No i wrócili. Albo nie? Szczerze, ciężko to jednoznacznie stwierdzić. Tutaj pojawia się to, o czym pisałem na początku: zagubienie. Wydaje mi się, że zespół mocno oberwał wszystkim, co się działo na zapleczu i gdzieś po drodze stracił to coś. „West of Eden” okazało się być dziwaczną mieszanką znanego już dobrze westernowego glamu z tanim popem i bardziej eksperymentalnym rockiem. Mieszanką, która za żadne skarby nie powinna mieć prawa działać. Zestawienie starego oblicza z nowym zdecydowanie nie wyszło. HMLTD twierdzą, że gdyby wydali debiutancki album trzy lata temu, okazałby się okropny, natomiast ten jest dojrzały i udany. Nie wiem jaki byłby ich pierwszy długogrający materiał, gdyby faktycznie wyszedł w 2017 roku, ale dam sobie coś uciąć, że byłby lepszy od tej przekombinowanej abominacji.
Piszę to z bólem, bo mocno wierzyłem w ten zespół, ale to co dzieje się na „West of Eden” prezentuje się po prostu… nijak.
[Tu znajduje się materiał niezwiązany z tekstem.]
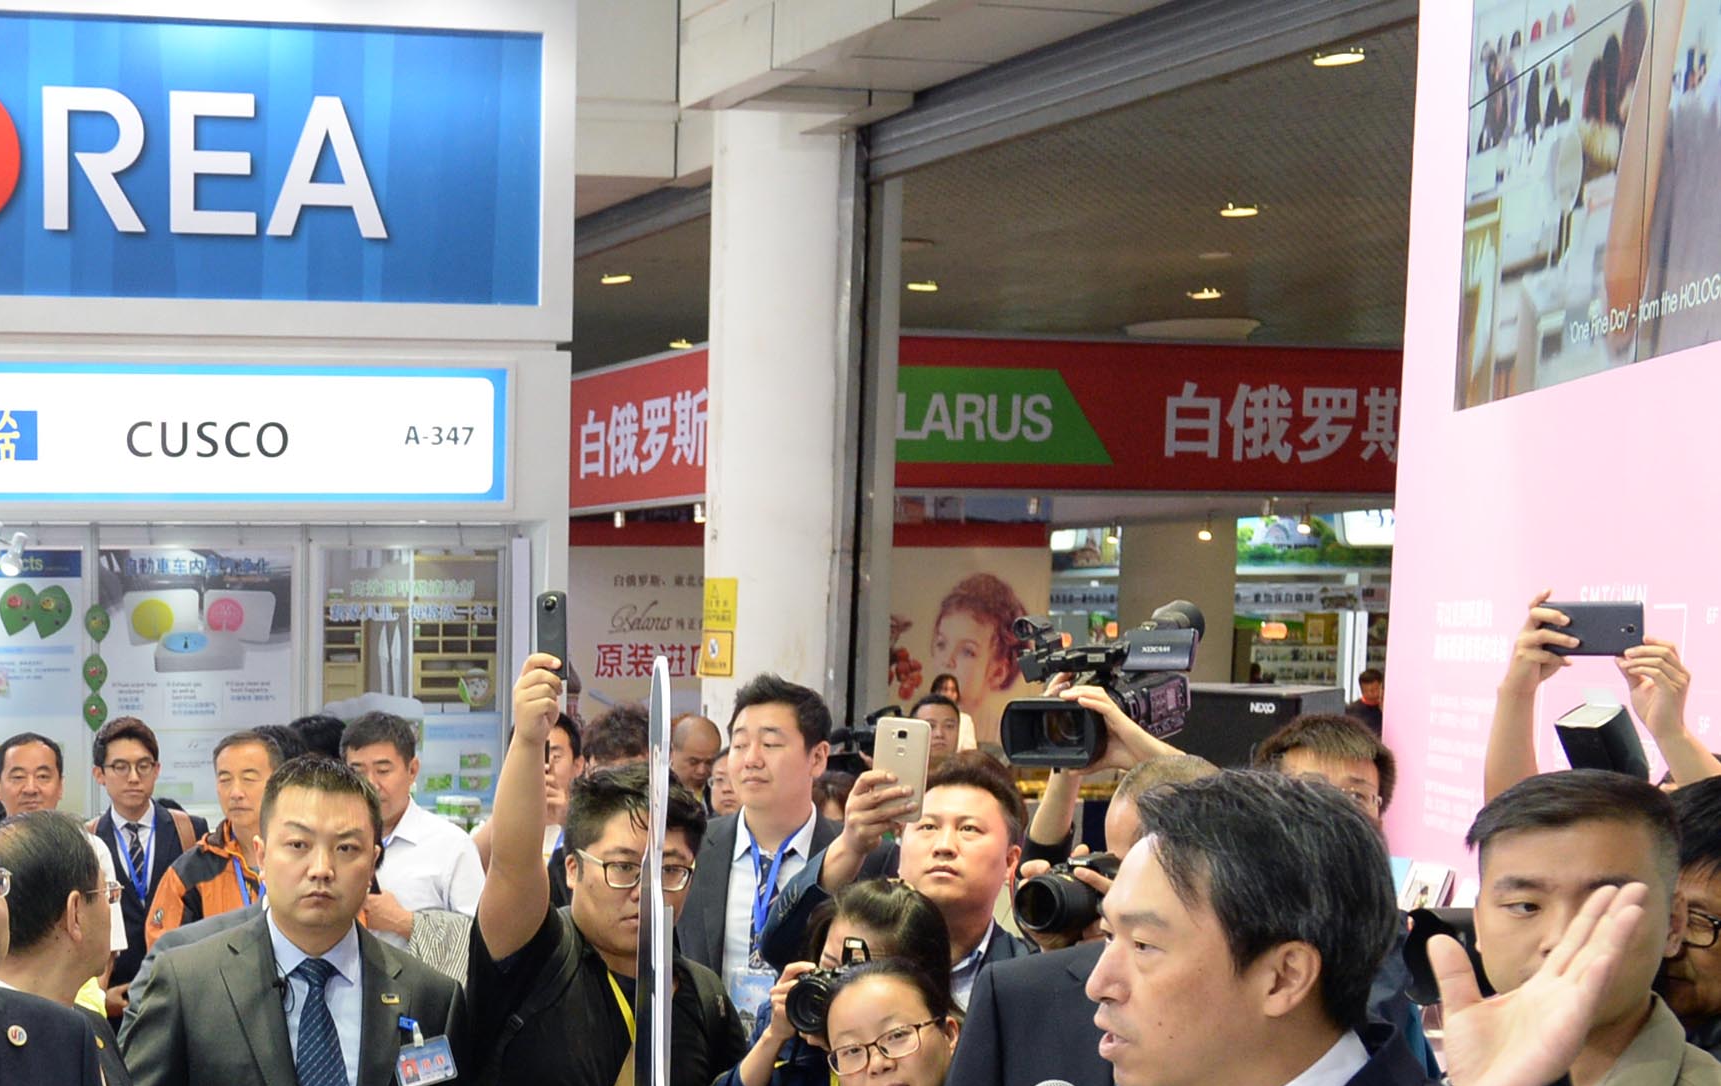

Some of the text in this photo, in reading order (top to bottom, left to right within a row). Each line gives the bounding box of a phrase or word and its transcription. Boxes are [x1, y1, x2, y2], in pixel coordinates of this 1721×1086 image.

[1661, 291, 1678, 315] the
[126, 420, 290, 458] CUSCO
[404, 425, 475, 446] A-347
[579, 390, 709, 479] 白俄罗斯
To bynajmniej nie jest słaby album, on po prostu jest. I tyle. Głównie to mnie w nim smuci. Od premiery minęły ponad dwa miesiące, ale gdyby nie fakt, że przymierzałem się do recenzji, z pewnością zdążyłbym już o nim zapomnieć, bo całościowo wypada okrutnie mdło. „Hate Music Last Time Delete” mogło się nie podobać, ale przynajmniej miało jakiś charakter; tutaj jest tylko duży znak zapytania. Utwory, które w 2017 robiły wrażenie, w tej chwili nie są już żadną ciekawostką, a nowości, które HMLTD przygotowało na ten materiał, zawodzą. Przede wszystkim myślę tu o spektakularnie nieudanych próbach nagrania nowoczesnej popowej piosenki (absolutnie okropnym, tanim „Nobody Stays In Love” i nieinspirującym „149”), choć mam także zastrzeżenia do przedziwnego „Why?” (tutaj tytuł idealnie oddaje odczucia słuchacza, bo nie wiem dlaczego ten utwór znalazł się na płycie), czy do ejtisowej soft-rockowej ballady – „Mikey’s Song”. Przy tym kawałku chciałbym się na chwilę zatrzymać, bo chłopaki ponoć planują całą płytę w podobnym mu tonie. Przyznam, że nie wiem co o nim myśleć, bo jakkolwiek brzmi boleśnie kiczowato, to cholernie wpada w ucho i już po pierwszym odsłuchu trudno mi było oprzeć się wesołemu nuceniu go. Właściwie najlepiej podsumowuje to cytat z tegoż utworu – it made me dance, but I know that it’s wrong.
Nowa twarz HMLTD nie wpadła mi w oko, a co ze starą? W końcu na „West of Eden” są dwa utwory z 2017, a kilka piosenek jasno nawiązuje do początków działalności zespołu. Tutaj jest lepiej, choć zdarzył się jeden koszmarek w postaci zupełnie niepotrzebnej zapchajdziury: „The Ballad of Calamity James”. Bardzo podoba mi się jednak „Joanna” – prosta piosenka z prześwietnym, chwytliwym refrenem i udanym występem wokalnym Spychalskiego. Podobne odczucia mam co do „LOADED” i „Death Drive”, które są największymi bangerami z całej płyty, a także do przyjemnie rozdmuchanego, glamowego hymnu „Blank Slate”.
Inny aspekt tego albumu, który do mnie trafia, to przekaz. Działalność artystyczna chłopaków jest znacznie upolityczniona i to w sposób mi bliski. Dużo mówią o poważnych problemach Zachodu: o szkodliwości toksycznej męskości, o katastrofie klimatycznej, czy o nierównościach ekonomicznych. Wszystko to uważam za bardzo szlachetne i wartościowe, przeszkadza mi jedynie forma, w której to podają, bo niektóre teksty Spychalskiego sprawiają, że trudno uciec od zażenowania. Henry jest dla mnie zdecydowanie zbyt mało subtelny, przez co płodzi tak niewyszukane linijki jak: The Dalai Lama wore Dolce & Gabanna in vermilion red and the West is dead. Może wynika to z tego, jak poważnie sam siebie traktuje. Mimo wszystko, nieważne jak wątpliwej jakości tekstów by nie pisał, sądzę, że to, co próbuje powiedzieć, jest ważne.
Jeśli debiut HMLTD czymś się broni, to tym, że całkiem dobrze się go słucha. Gdyby przymrużyć oko na mankamenty, to myślę, że można z niego czerpać przyjemnoś – jest tu parę ładnych piosenek i parę hitów, które nie chcą opuścić głowy. Ostatecznie jednak trudno nie wyczuć, że coś tu nie wyszło. Jestem szczerze ciekaw, czy „West of Eden” okaże się wypadkiem przy pracy spowodowanym wszystkimi problemami, przez które chłopaki przeszli. Chciałbym wierzyć, że tak, bo wciąż ich lubię. Dalej uważam, że to utalentowany skład, który ma szansę na nowo się odnaleźć i wrócić na pozycję zespołu, który warto obserwować. Niestety czuję też, że brakuje im trochę samokrytyki i dystansu do samych siebie, co może pokrzyżować ich przyszłe plany. Cóż, pożyjemy, zobaczymy.